* Goal of the exercise *
Return exactly the final stretch of the records below, opening with the line that contains "this 1932×1931 image." and closing with the last line.

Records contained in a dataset
○ ○ ○
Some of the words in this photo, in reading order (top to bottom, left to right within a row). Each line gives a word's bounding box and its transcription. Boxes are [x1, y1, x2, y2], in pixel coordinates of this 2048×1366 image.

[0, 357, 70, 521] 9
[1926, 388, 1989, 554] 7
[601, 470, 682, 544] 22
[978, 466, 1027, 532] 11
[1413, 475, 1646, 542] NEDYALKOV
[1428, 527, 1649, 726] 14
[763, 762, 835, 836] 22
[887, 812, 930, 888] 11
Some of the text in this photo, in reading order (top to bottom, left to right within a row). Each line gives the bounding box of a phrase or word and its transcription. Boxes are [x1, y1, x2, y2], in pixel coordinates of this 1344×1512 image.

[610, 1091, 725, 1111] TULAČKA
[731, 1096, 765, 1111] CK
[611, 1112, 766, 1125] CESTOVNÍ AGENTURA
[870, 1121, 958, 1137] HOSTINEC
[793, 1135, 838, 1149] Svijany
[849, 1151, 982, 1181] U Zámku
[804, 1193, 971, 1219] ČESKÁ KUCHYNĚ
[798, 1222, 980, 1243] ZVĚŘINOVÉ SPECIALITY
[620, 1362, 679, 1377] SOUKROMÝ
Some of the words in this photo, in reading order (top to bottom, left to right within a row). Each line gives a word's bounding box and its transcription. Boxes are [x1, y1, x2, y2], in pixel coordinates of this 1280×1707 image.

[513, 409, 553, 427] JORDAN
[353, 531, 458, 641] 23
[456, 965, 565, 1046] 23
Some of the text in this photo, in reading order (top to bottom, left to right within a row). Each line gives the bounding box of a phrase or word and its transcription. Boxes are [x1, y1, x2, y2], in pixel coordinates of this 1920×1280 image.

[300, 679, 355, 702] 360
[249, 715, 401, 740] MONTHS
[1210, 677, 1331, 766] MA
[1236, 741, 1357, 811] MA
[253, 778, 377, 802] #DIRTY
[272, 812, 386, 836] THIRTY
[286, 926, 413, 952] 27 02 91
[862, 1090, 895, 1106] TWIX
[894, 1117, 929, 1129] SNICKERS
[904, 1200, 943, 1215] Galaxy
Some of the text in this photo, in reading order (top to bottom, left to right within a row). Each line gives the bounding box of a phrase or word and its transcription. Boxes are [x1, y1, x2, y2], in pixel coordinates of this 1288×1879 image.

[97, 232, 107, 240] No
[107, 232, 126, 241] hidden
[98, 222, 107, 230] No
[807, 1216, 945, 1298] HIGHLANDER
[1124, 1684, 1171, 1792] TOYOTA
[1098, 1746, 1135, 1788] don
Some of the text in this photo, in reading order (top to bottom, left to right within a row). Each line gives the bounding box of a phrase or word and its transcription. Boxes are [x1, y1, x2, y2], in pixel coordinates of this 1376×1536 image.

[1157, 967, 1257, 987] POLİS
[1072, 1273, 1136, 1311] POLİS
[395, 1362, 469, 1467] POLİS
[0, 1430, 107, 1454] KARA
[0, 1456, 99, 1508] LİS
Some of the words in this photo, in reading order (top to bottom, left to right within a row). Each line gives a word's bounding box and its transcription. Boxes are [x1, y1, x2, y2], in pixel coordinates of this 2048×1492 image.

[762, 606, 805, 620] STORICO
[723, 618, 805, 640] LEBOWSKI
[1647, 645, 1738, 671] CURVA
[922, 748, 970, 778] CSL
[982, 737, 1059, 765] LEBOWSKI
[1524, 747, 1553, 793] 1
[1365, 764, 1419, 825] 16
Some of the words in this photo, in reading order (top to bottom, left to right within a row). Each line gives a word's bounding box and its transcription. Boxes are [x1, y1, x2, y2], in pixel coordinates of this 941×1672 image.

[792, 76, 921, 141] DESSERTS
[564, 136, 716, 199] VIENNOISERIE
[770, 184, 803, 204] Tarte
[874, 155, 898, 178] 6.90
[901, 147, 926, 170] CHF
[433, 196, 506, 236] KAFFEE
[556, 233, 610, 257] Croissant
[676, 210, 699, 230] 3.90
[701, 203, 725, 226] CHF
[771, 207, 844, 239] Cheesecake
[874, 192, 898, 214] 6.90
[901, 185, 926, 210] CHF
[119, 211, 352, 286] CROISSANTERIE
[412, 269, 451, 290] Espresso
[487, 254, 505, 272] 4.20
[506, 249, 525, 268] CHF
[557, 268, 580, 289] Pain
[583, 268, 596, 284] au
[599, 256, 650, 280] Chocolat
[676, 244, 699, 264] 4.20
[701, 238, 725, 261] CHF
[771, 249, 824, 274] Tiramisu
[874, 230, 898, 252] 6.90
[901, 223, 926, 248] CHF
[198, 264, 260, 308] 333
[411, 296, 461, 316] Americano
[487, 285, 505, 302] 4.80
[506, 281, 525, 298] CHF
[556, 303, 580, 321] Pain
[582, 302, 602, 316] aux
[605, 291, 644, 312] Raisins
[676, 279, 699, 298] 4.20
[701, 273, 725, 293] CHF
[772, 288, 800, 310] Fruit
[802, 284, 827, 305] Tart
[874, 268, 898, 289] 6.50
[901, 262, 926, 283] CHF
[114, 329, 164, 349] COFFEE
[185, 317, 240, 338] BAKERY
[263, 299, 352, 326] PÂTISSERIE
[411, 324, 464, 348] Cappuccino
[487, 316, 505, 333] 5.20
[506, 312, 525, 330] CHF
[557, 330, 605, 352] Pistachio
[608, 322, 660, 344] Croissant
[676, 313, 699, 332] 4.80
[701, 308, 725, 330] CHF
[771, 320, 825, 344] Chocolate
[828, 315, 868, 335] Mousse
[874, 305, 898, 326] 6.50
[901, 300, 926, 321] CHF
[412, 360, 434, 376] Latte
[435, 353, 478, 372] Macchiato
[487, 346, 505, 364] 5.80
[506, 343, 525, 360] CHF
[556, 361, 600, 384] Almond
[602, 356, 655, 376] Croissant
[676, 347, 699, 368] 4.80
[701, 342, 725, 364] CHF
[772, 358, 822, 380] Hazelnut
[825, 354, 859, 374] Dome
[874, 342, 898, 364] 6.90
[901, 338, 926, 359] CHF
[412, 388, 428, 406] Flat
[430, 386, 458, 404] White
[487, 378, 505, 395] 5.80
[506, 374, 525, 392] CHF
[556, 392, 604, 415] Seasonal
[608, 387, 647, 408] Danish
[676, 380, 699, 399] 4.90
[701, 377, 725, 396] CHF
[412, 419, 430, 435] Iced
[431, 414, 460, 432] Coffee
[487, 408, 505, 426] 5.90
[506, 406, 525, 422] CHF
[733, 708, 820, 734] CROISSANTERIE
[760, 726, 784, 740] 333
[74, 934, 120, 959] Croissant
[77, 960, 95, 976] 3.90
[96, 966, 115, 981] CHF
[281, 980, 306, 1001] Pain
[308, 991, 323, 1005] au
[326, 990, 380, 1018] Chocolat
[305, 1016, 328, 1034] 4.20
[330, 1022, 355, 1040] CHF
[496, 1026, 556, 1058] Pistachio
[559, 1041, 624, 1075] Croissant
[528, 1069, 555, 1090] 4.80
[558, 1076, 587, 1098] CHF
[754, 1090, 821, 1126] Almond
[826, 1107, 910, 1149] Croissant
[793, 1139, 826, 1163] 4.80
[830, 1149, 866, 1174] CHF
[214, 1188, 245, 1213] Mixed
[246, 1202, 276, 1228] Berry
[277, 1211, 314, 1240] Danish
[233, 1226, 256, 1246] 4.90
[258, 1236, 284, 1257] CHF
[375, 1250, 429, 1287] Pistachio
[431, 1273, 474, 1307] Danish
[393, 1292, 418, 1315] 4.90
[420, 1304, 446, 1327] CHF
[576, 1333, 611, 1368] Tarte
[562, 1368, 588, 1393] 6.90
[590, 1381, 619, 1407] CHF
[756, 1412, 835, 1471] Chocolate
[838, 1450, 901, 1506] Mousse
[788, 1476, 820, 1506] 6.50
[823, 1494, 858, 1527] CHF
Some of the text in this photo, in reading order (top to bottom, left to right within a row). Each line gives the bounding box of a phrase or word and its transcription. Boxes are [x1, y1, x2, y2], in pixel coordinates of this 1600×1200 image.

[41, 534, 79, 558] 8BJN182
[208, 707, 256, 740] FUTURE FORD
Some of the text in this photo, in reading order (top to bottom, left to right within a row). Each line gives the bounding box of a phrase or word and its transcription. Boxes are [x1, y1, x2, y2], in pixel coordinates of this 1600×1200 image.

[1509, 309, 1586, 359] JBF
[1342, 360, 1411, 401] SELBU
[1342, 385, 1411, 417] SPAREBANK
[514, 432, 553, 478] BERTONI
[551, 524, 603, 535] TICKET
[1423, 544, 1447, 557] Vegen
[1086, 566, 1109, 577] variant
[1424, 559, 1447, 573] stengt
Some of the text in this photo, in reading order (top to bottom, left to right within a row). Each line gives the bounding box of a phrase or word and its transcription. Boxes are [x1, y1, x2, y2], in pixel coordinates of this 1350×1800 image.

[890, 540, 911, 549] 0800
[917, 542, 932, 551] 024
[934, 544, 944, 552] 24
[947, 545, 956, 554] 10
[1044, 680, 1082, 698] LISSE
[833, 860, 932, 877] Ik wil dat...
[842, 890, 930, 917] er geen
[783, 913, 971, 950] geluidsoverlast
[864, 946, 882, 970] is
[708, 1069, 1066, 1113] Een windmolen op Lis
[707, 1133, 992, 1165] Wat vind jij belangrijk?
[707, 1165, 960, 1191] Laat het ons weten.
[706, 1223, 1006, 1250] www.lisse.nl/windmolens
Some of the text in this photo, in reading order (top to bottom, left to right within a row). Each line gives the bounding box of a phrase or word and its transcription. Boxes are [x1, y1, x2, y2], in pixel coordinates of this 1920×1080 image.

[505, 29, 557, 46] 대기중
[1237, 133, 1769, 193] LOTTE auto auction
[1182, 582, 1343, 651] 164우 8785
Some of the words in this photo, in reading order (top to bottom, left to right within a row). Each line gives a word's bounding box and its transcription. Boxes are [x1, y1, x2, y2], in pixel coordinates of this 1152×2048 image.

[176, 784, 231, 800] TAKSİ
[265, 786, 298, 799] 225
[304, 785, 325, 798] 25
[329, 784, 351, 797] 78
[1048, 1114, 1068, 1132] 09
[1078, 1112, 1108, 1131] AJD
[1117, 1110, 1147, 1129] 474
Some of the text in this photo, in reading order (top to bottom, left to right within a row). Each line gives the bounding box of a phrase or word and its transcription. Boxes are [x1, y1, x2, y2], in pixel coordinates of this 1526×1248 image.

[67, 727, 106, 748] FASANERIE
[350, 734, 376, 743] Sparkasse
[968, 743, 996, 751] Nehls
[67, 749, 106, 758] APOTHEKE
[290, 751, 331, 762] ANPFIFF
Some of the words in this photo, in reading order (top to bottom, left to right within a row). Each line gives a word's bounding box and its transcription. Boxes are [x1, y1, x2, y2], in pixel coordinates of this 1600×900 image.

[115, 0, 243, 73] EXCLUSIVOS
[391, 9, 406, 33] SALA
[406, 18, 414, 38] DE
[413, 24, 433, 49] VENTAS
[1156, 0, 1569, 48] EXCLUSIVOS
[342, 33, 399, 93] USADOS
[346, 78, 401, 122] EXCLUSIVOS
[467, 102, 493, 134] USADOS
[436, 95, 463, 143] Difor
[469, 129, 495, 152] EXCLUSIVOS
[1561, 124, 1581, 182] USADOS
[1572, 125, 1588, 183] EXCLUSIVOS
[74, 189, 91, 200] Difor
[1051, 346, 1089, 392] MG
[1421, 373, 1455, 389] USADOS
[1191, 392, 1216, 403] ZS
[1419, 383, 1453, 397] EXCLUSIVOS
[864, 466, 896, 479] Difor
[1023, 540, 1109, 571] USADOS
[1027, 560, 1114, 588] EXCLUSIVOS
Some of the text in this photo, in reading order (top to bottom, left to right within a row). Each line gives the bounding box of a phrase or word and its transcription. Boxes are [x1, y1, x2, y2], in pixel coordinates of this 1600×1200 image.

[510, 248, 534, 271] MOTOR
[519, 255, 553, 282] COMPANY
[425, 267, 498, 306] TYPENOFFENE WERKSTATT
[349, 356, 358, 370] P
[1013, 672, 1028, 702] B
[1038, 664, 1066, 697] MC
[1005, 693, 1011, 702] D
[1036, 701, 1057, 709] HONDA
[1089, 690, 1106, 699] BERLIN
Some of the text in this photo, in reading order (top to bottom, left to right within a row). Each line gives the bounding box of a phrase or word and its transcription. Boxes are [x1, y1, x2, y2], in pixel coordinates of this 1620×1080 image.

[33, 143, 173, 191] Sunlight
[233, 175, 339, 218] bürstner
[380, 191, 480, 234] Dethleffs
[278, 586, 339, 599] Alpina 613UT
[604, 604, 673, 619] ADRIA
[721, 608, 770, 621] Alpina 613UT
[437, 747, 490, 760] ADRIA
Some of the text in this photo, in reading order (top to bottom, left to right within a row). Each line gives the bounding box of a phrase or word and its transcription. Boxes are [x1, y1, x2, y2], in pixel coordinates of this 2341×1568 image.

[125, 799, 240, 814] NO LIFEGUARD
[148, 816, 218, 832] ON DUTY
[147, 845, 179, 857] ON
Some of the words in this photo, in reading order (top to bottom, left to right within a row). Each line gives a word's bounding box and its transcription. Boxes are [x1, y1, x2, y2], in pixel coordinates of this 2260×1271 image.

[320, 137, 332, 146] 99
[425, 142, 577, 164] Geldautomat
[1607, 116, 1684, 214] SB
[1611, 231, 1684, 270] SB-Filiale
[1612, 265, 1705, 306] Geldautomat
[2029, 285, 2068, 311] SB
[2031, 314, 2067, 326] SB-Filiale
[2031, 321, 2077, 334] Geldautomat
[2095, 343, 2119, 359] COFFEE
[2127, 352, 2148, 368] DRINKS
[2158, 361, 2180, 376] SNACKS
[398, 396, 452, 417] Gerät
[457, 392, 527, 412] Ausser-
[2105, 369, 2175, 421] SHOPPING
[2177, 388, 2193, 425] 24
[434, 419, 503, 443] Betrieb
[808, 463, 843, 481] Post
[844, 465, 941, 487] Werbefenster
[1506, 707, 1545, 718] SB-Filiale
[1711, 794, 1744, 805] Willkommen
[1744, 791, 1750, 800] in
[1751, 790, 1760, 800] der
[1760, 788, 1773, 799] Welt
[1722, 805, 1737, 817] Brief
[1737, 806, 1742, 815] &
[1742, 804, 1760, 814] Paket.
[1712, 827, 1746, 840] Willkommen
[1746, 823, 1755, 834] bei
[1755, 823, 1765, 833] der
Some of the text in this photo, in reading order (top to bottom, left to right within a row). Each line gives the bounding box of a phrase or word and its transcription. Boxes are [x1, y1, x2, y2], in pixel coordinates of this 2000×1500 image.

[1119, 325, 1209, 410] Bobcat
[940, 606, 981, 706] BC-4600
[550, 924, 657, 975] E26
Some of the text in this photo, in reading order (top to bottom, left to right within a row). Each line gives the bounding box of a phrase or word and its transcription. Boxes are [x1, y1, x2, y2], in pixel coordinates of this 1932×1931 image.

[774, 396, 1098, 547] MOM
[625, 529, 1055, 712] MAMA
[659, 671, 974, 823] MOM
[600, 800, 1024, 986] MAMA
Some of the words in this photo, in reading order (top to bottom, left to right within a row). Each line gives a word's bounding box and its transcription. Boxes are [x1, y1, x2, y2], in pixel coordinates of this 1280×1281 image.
○ ○ ○
* Written response *
Some of the text in this photo, in reading order (top to bottom, left to right within a row). Each line gives the bounding box of a phrase or word and its transcription. Boxes are [x1, y1, x2, y2], in pixel coordinates of this 1932×1931 image.

[774, 396, 1098, 547] MOM
[625, 529, 1055, 712] MAMA
[659, 671, 974, 823] MOM
[600, 800, 1024, 986] MAMA
Some of the words in this photo, in reading order (top to bottom, left to right within a row). Each line gives a word's bounding box and its transcription. Boxes are [x1, y1, x2, y2], in pixel coordinates of this 1280×1281 image.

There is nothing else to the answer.